Lorillard was an avid yachtsman and bought the sloop Eva in 1865. He joined the New York Yacht Club in 1866. He then bought the yacht Magic and won the Regatta at the New York Yacht Club in 1866. He built the Challenge, which sank in a storm in the Bahamas. He built and launched the schooner Meteor in 1869 and took her to the Mediterranean. In 1871, he owned the yacht Enchantress that was designed by Robert Fish. He sold the Enchantress and gave up yachting in 1872 to pursue horse racing.

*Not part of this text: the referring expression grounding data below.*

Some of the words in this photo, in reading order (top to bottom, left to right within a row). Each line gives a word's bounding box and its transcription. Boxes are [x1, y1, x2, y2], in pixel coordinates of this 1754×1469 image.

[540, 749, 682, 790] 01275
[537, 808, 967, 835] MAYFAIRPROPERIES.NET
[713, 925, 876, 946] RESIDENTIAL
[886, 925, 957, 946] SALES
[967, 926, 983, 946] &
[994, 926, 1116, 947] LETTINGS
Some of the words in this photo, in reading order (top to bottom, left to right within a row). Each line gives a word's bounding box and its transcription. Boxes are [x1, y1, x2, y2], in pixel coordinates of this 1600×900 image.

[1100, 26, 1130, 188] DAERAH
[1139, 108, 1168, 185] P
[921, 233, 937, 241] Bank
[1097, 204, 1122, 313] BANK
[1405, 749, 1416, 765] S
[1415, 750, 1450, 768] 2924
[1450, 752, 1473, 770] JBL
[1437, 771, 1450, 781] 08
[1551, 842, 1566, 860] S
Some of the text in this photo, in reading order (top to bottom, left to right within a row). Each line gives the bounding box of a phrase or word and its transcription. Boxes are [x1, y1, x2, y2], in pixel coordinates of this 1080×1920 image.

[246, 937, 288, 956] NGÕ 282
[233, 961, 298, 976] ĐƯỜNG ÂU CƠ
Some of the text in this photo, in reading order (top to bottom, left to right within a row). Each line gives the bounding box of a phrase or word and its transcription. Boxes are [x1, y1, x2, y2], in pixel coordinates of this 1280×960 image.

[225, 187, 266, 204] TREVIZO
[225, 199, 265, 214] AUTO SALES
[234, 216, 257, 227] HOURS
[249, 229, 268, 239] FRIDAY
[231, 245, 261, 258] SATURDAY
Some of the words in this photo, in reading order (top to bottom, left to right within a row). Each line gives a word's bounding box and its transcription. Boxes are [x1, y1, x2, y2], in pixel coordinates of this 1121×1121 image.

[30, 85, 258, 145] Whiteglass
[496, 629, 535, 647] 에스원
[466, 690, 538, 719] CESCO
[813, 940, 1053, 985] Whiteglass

==Thoroughbred horse racing==
George Lorillard, like his brother Pierre, was a prominent racehorse owner in New York, New Jersey and Maryland. At his Long Island estate, he built a large stable and training track. Lorillard arranged to take in boys from the New York House of Refuge, who were given stable work and educated in a specially built schoolroom. The boys learned to ride horses and after a five-year apprenticeship were given an opportunity to become a professional jockey. Notable among them was Tom Costello, who won numerous important races, including three American Classics.

George Lorillard's racing stable was handled firstly by trainer Wyndham Walden followed by John Alcock. Notably, Lorillard and Walden won the Preakness Stakes a record five straight years between 1878 and 1882; the Belmont Stakes in 1878, 1880, and 1881; and the Travers Stakes in 1878 and 1880. Among George Lorillard's best horses were Saunterer, Spinaway, Vanguard, Grenada, Tom Ochiltree, and Duke of Magenta.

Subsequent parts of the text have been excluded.